To account for the procedure of creating PDQ-39SI scores from the eight suggested PDQ-39 scale scores we also used confirmatory factor analysis. Confirmatory factor analysis assesses statistically whether and to what extent empirical data fit a predefined hypothesized structure. Confirmatory factor analysis is therefore generally recommended over exploratory factor analysis when there is an a priori hypothesis regarding dimensionality [Floyd and Widaman 1995]. The extent to which empirical data accord with the hypothesized structure is assessed by a chi-square statistic that is expected to be nonsignificant when data fit the model. Because this statistic is sensitive to sample size, goodness-of-fit is also assessed by various descriptive fit indices [Schermelleh-Engel and Moosbrugger 2003].

Analysis plan

All 39 items were analyzed regarding fit to the unrestricted (partial credit) Rasch model for ordered response categories. Unidimensionality was further scrutinized by PCA of the residuals followed by independent t-tests. Two estimated locations for each person were compared; one from the items with the strongest positive and one from the items with the strongest negative residual loadings (> ±0.3, respectively) on the first principal component (factor) [Tennant and Pallant 2006]. Unidimensionality was considered statistically supported if the proportion of significant individual t-tests, or the lower bound of the associated 95% binomial confidence interval (CI), did not exceed 0.05 [Tennant and Pallant 2006].

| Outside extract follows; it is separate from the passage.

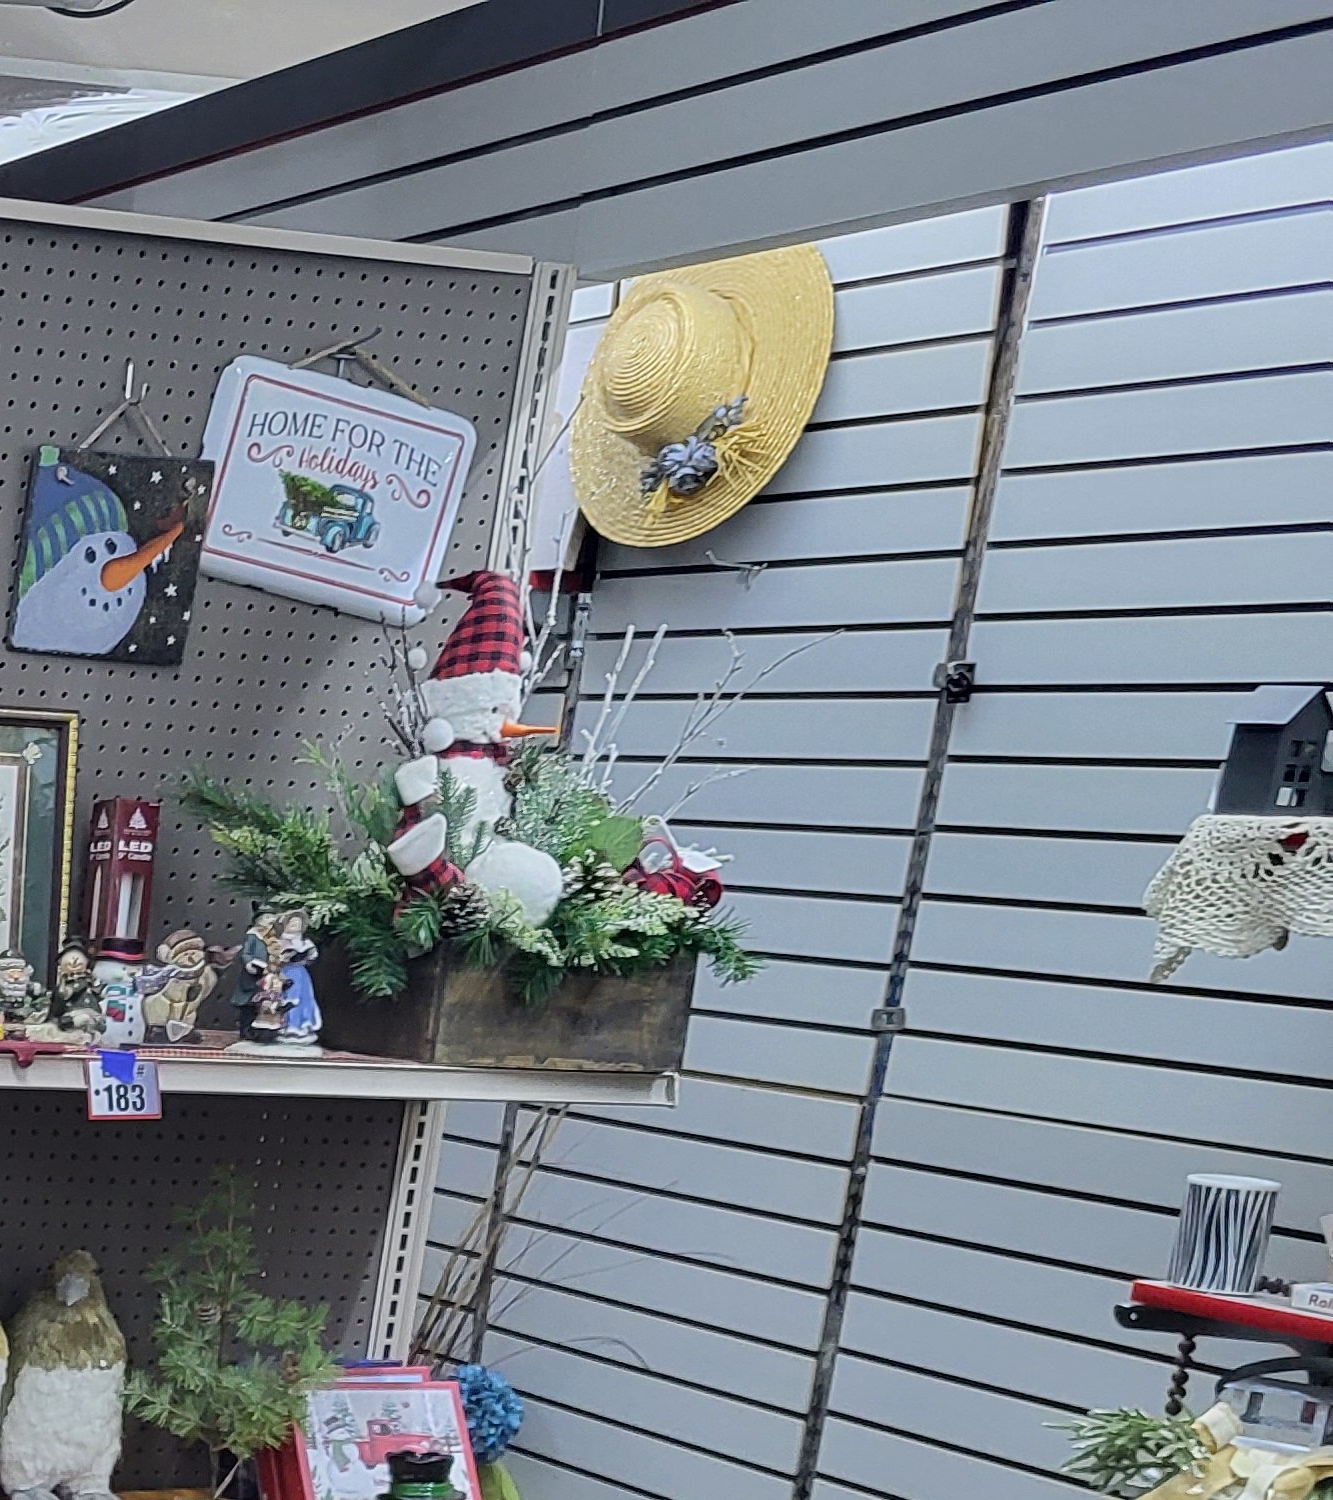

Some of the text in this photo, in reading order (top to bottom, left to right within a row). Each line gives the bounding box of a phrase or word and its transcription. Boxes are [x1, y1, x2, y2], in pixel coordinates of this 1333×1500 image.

Next, the hypothesized scales-to-summary index structure of the PDQ-39SI was assessed by confirmatory factor analysis. The a priori hypothesis that the eight PDQ-39 scales represent a single underlying construct was tested by means of chi-square statistics and four descriptive fit indices: the Goodness-of-Fit Index (GFI), the Adjusted Goodness-of-Fit Index (AGFI), the Comparative Fit Index (CFI), and the Root Mean Square Error of Approximation (RMSEA) [Schermelleh-Engel and Moosbrugger 2003].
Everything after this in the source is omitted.